[Images for object localization]

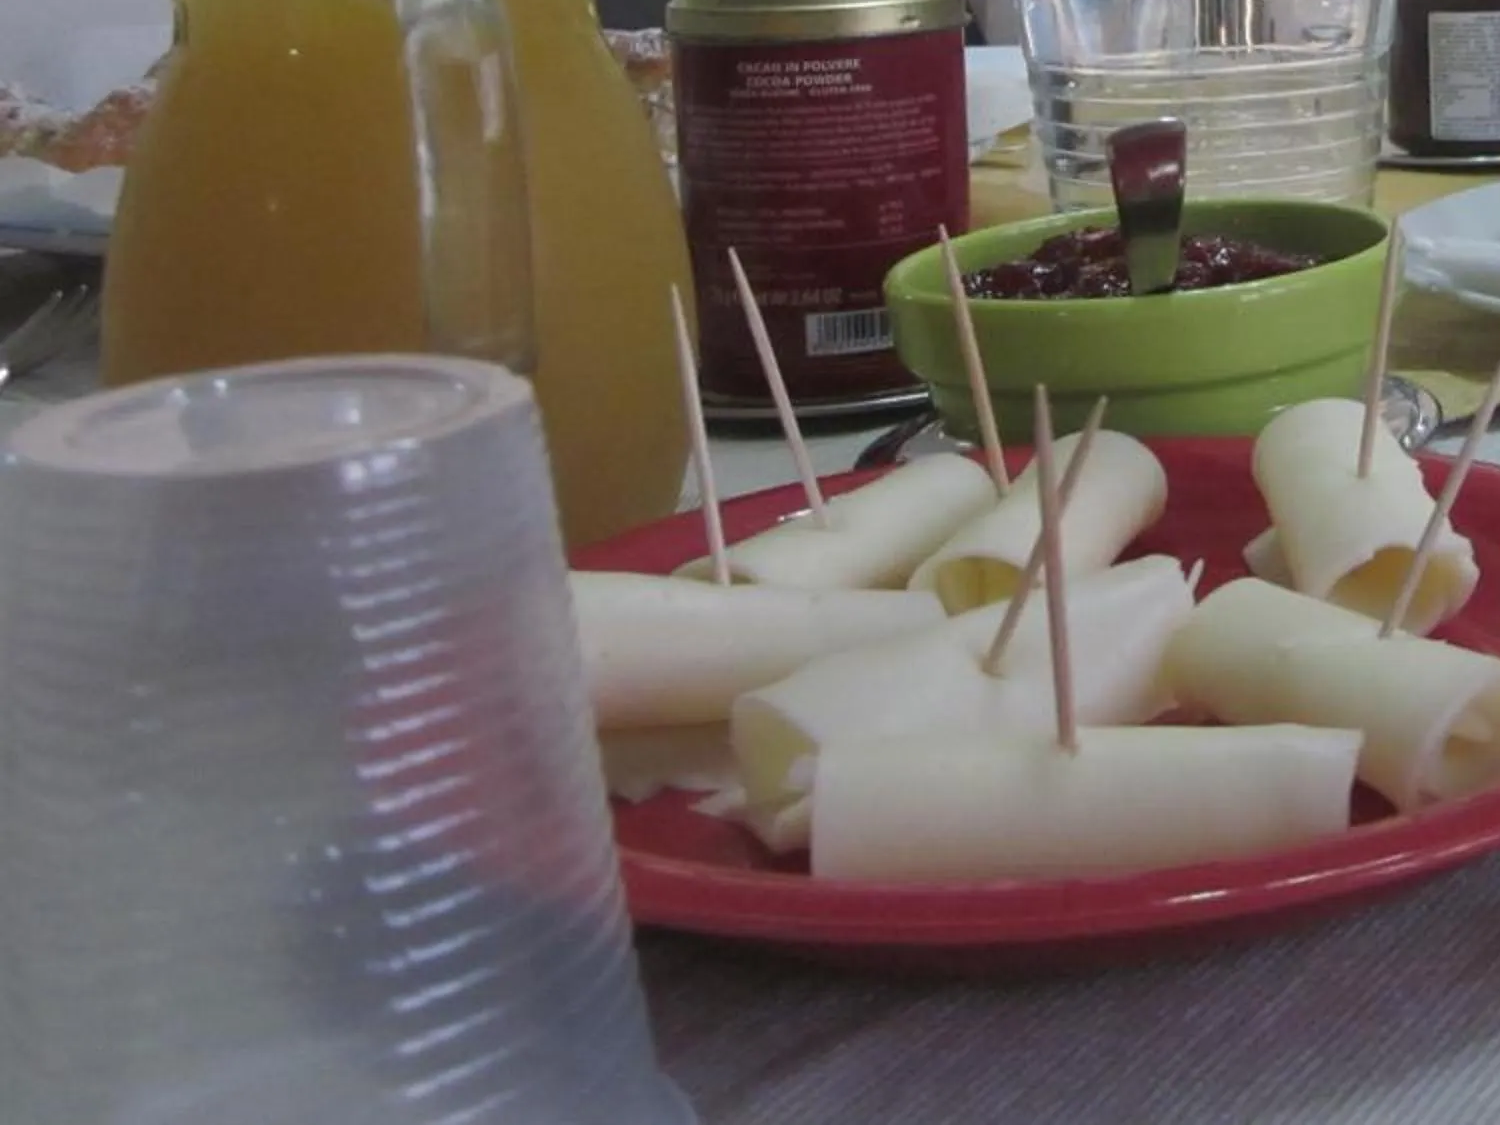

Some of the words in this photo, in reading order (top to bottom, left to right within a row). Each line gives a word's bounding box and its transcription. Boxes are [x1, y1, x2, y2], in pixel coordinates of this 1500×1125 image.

[736, 61, 782, 74] CACAO
[785, 62, 800, 73] IN
[803, 58, 861, 72] POLVERE
[746, 75, 791, 88] COCOA
[795, 73, 853, 87] POWDER
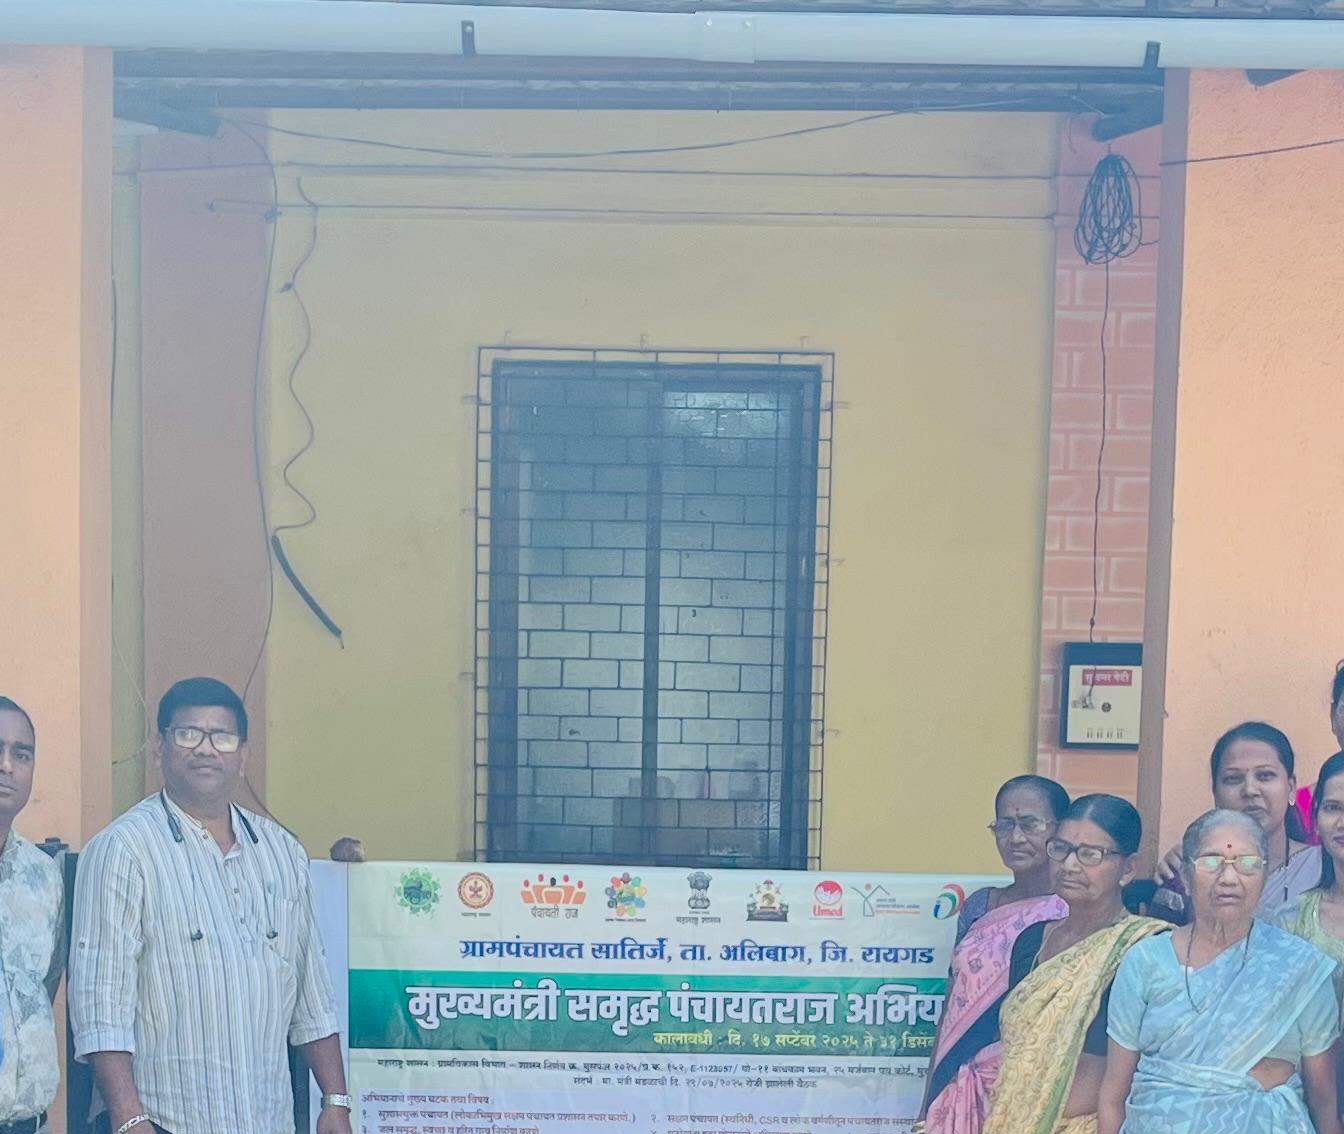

- _YOUR OBJECTIVE_:
All of the data must be repeated exactly, except for the pictures.

- _EXERCISE SOLUTION_:
Some of the words in this photo, in reading order (top to bottom, left to right within a row). Each line gives a word's bounding box and its transcription. Boxes are [x1, y1, x2, y2], in pixel coordinates of this 1500×1125 image.

[736, 61, 782, 74] CACAO
[785, 62, 800, 73] IN
[803, 58, 861, 72] POLVERE
[746, 75, 791, 88] COCOA
[795, 73, 853, 87] POWDER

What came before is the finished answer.